Large exposures to dioxins occur worldwide. They are documented in factory workers; soldiers and civilians exposed to the defoliant Agent Orange during the Vietnam War; and in people who survive industrial accidents, such as the release of dioxin from a chemical manufacturing plant in Seveso, Italy in 1976. 

A bizarre case involving dioxin occurred in 2004 when the Ukrainian presidential candidate Victor Yushchenko was poisoned with large amounts of TCDD. He developed chloracne and was severely disfigured. Although he survived the assassination attempt, he continues to recover.

Most people, though, are exposed to low levels of dioxins – in the part per trillion (ppt) range – through food and the environment. Dioxin is stored in fat, so it can be transferred through the food chain to people, especially via dairy and meats. Even small amounts can stay in the body for years. Because it can accumulate over time, concentrations in the body typically increase with age.

Even at extremely low doses, dioxins can be dangerous. Dioxins are considered endocrine disruptors, because they can alter hormone levels. They also cause cancer, reproductive and developmental abnormalities, and damage to the skin and liver.

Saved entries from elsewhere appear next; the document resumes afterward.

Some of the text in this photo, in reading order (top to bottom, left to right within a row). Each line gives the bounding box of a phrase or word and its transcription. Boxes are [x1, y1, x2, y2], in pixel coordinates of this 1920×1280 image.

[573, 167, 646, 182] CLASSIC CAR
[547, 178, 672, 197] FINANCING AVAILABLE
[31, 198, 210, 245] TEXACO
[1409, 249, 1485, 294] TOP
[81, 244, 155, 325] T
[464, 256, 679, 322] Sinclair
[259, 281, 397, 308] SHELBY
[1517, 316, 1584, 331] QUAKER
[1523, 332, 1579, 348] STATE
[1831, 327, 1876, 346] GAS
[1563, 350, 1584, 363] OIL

Previous studies show that TCDD can affect ovary development in fish and rodents and skew sex ratios in rats (Miller et al. 2004). Women exposed to high levels of TCDD take longer to get pregnant and are more likely to experience complete infertility (Eskenazi et al. 2010).

Scientists have long suspected that the effects of toxicants could begin before birth and the changes could last for generations. Studies on other endocrine disruptors have shown that some chemicals can have these long-lasting effects.

What did they do?

Scientists examined the effects of TCDD on the fertility of female mice for three generations. Mice were exposed once, twice or three times to 10 micrograms of TCDD per kilogram (or 10 parts per billion). The fertility rates of unexposed animals and their offspring were compared to the TCDD-exposed females and their offspring.

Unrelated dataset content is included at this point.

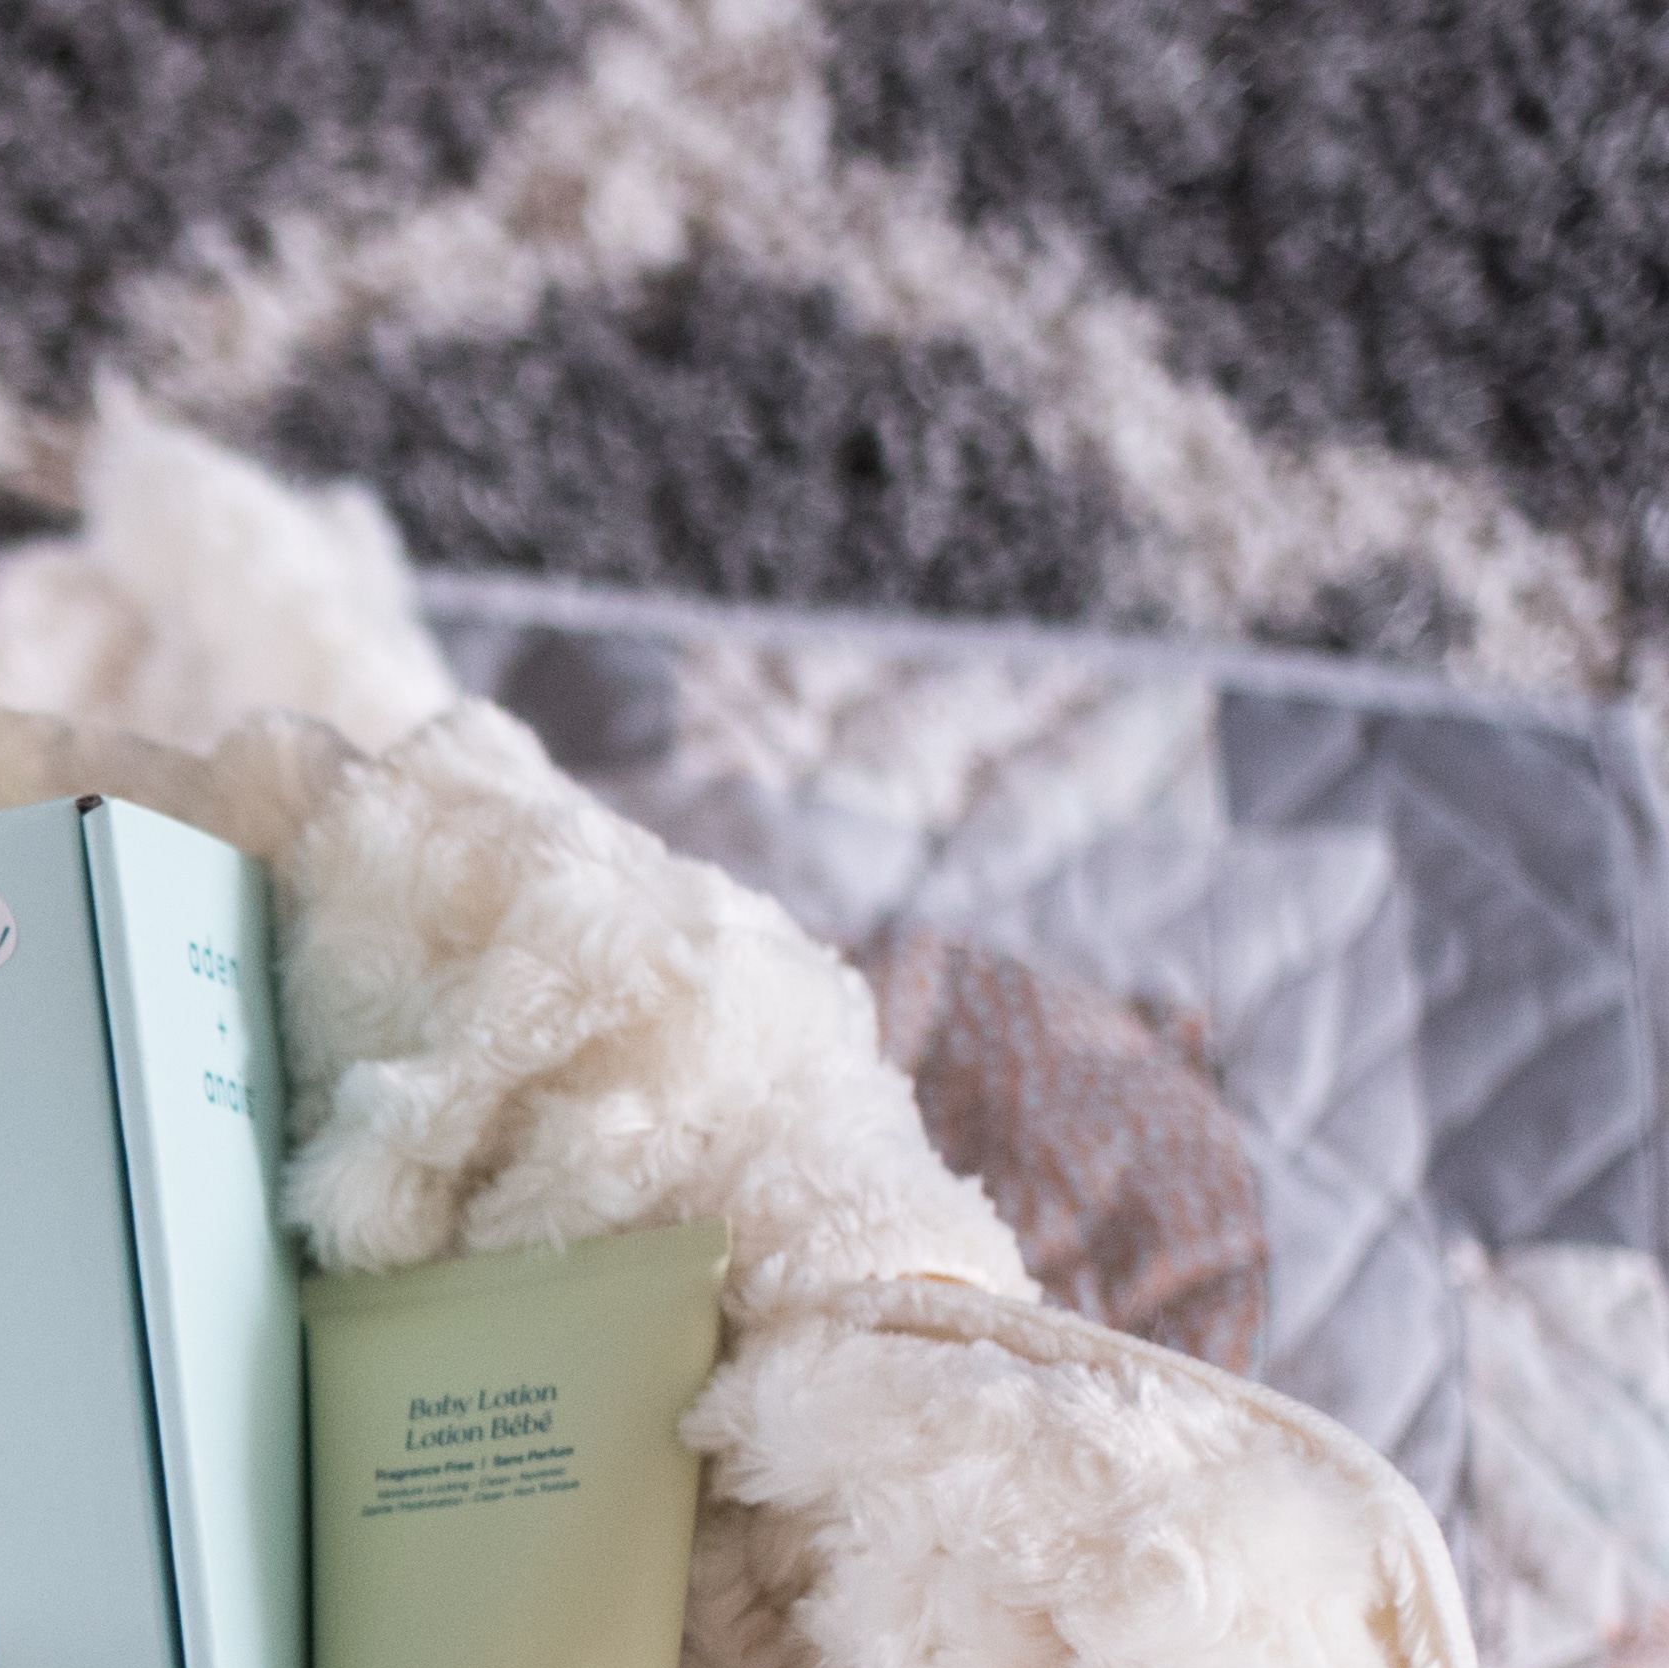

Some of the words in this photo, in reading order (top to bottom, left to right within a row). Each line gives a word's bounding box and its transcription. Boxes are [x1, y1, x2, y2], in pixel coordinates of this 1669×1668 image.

[408, 1394, 472, 1421] Baby
[478, 1385, 558, 1411] Lotion
[405, 1425, 483, 1450] Lotion

For animals that were exposed once, pregnant females (mothers) were fed the chemical on day 15.5 of pregnancy to expose the fetus. At this time of development, the major organs are formed, but the fetus is still growing.

For animals treated twice, some of the females exposed in the womb (daughters) were also fed TCDD at four weeks old – right before puberty. For animals subjected to three doses, some of the daughters were exposed in the womb, at four weeks old and again at nine weeks of age – right after puberty.

At 10-12 weeks of age, the females exposed in the womb were caged and mated with normal males. If the females became pregnant, some of the pups (granddaughters) were raised and bred with normal males at 10-12 weeks of age. This was repeated for four generations – great granddaughters and great-great-granddaughters.

The effects of viral infections on preterm delivery were also investigated after the mouse colony had an outbreak of a common rodent virus called parvovirus. The researchers noticed the virus did not affect the unexposed females, but the TCDD-exposed females experienced preterm delivery.

To investigate the connection, the researchers treated TCDD-exposed pregnant females with lipopolysaccharide (LPS) – an agent that causes inflammation similar to parvovirus – to determine if LPS caused pregnant females to deliver their pups prematurely.

What did they find?

Bruner-Tran and Osteen show that when a pregnant mouse is exposed to 10 micrograms per kilogram TCDD, her daughters have reduced fertility – as measured by their inability to get pregnant. Her granddaughters and great-granddaughters also suffer the same fate.

A little more than half – 44 percent – of the female mice exposed to TCDD once while in the womb were able to get pregnant. However, they frequently delivered early and many of the pups died soon after. Their offspring had similar conception and early delivery problems.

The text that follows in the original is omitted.